_Exercise:_
Write out the entries below exactly as they stand. Skip every image.

_Data for review:_
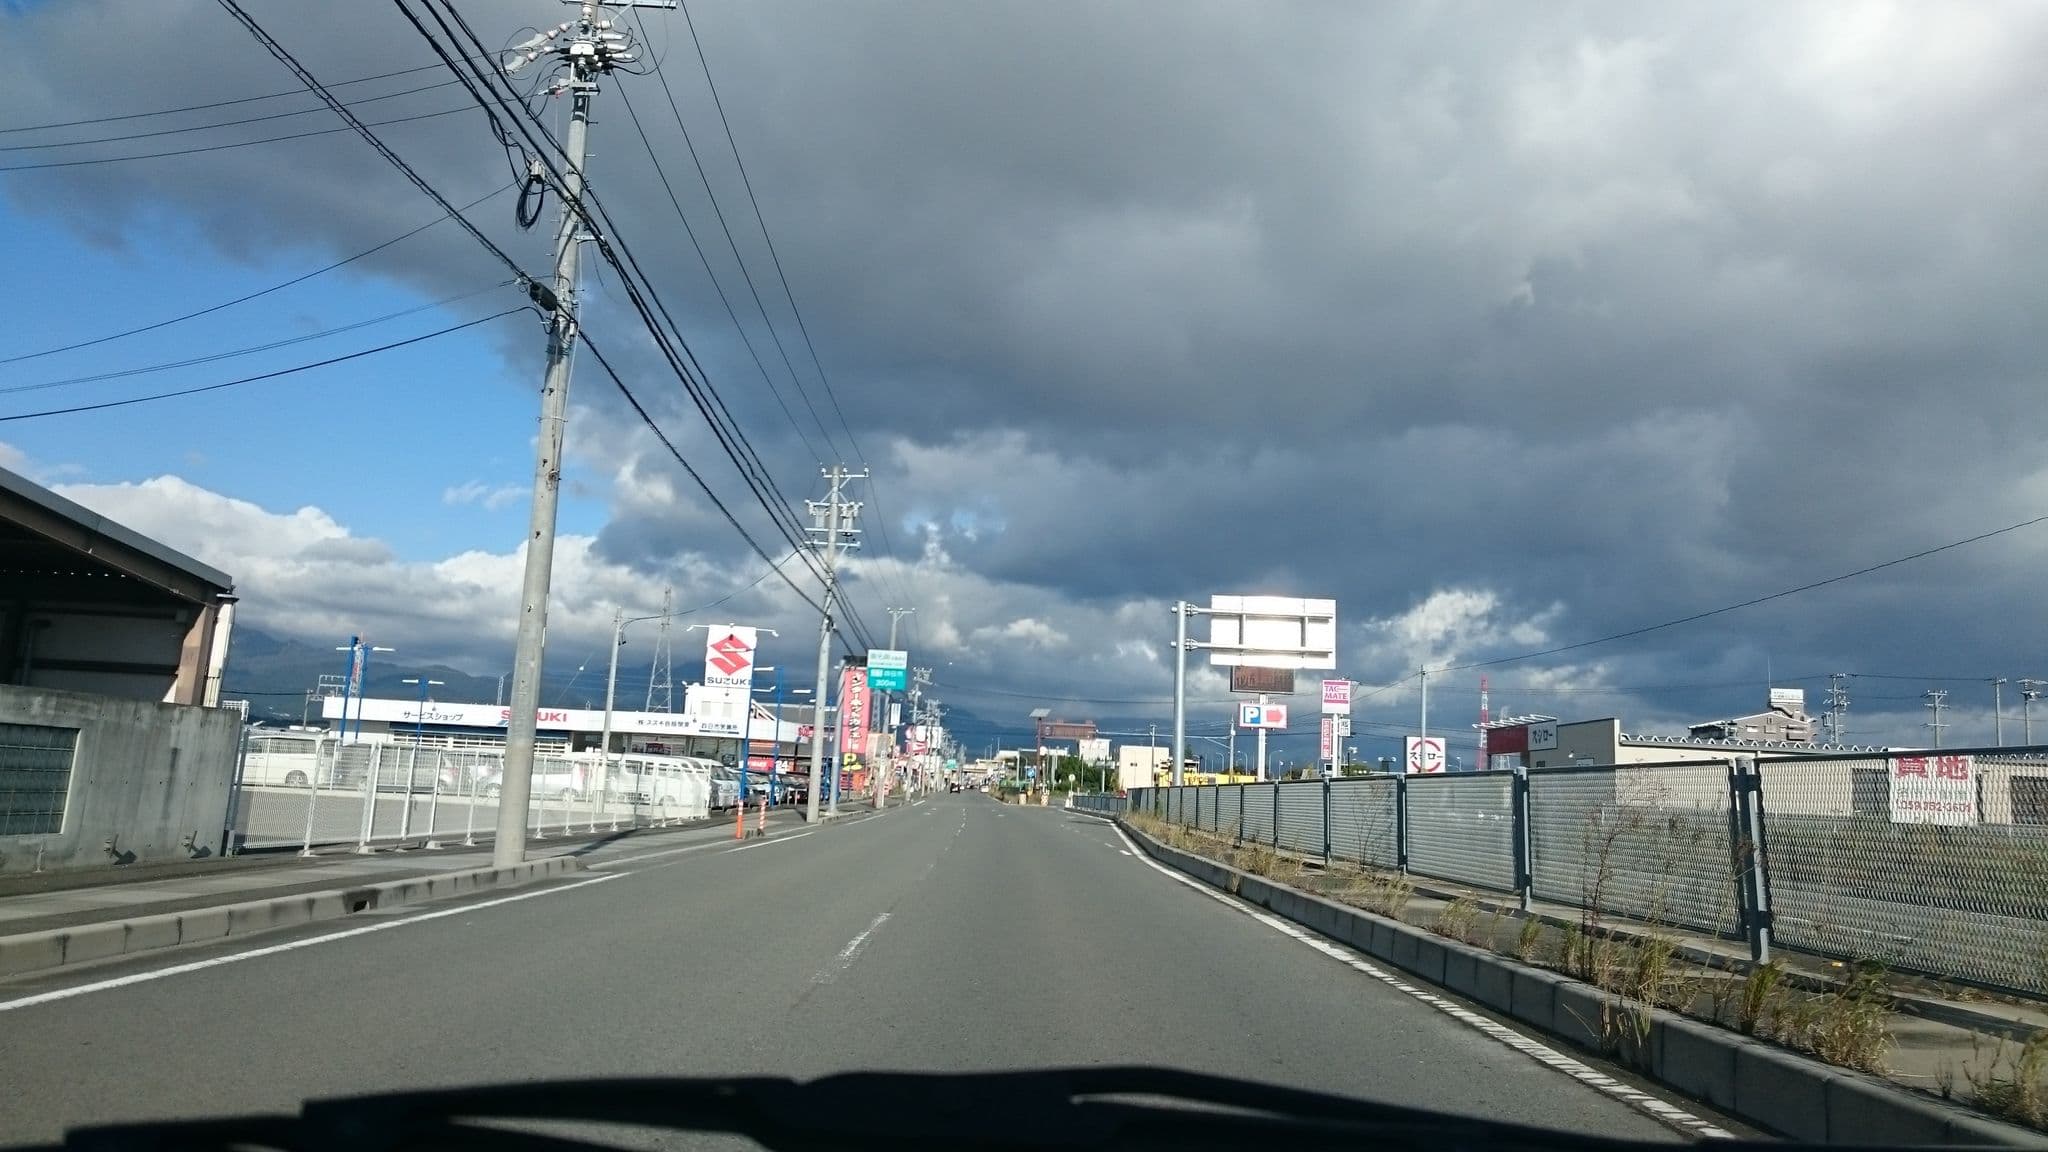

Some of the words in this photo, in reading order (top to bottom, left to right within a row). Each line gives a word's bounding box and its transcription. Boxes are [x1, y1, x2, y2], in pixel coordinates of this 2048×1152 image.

[707, 676, 752, 686] SUZUKI
[403, 711, 464, 721] サービスショップ
[1244, 706, 1260, 723] P
[1532, 729, 1553, 744] スシロー
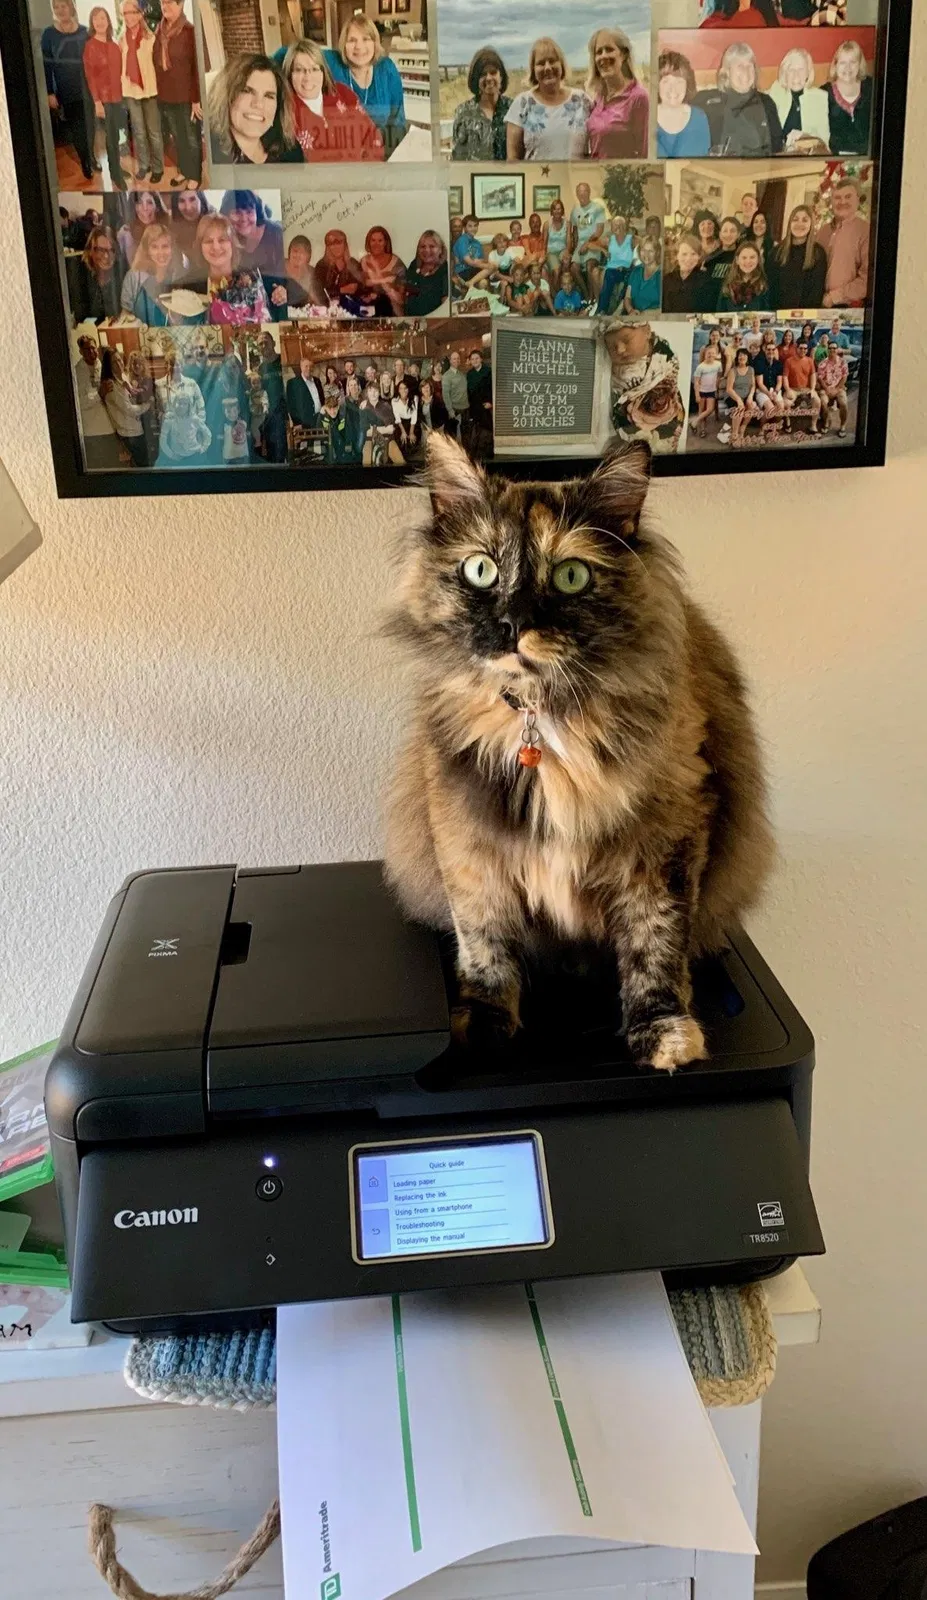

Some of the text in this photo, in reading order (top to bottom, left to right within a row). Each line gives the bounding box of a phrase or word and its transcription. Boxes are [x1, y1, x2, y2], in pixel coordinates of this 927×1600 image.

_Response:_
Some of the words in this photo, in reading order (top to bottom, left to right within a row). Each line gives a word's bounding box and its transcription. Boxes are [x1, y1, x2, y2], in pixel coordinates of this 2048×1152 image.

[707, 676, 752, 686] SUZUKI
[403, 711, 464, 721] サービスショップ
[1244, 706, 1260, 723] P
[1532, 729, 1553, 744] スシロー

Some of the text in this photo, in reading order (top to bottom, left to right within a row). Each line gives the bounding box of a phrase or word and its transcription. Boxes are [x1, y1, x2, y2], in pixel coordinates of this 927×1600 image.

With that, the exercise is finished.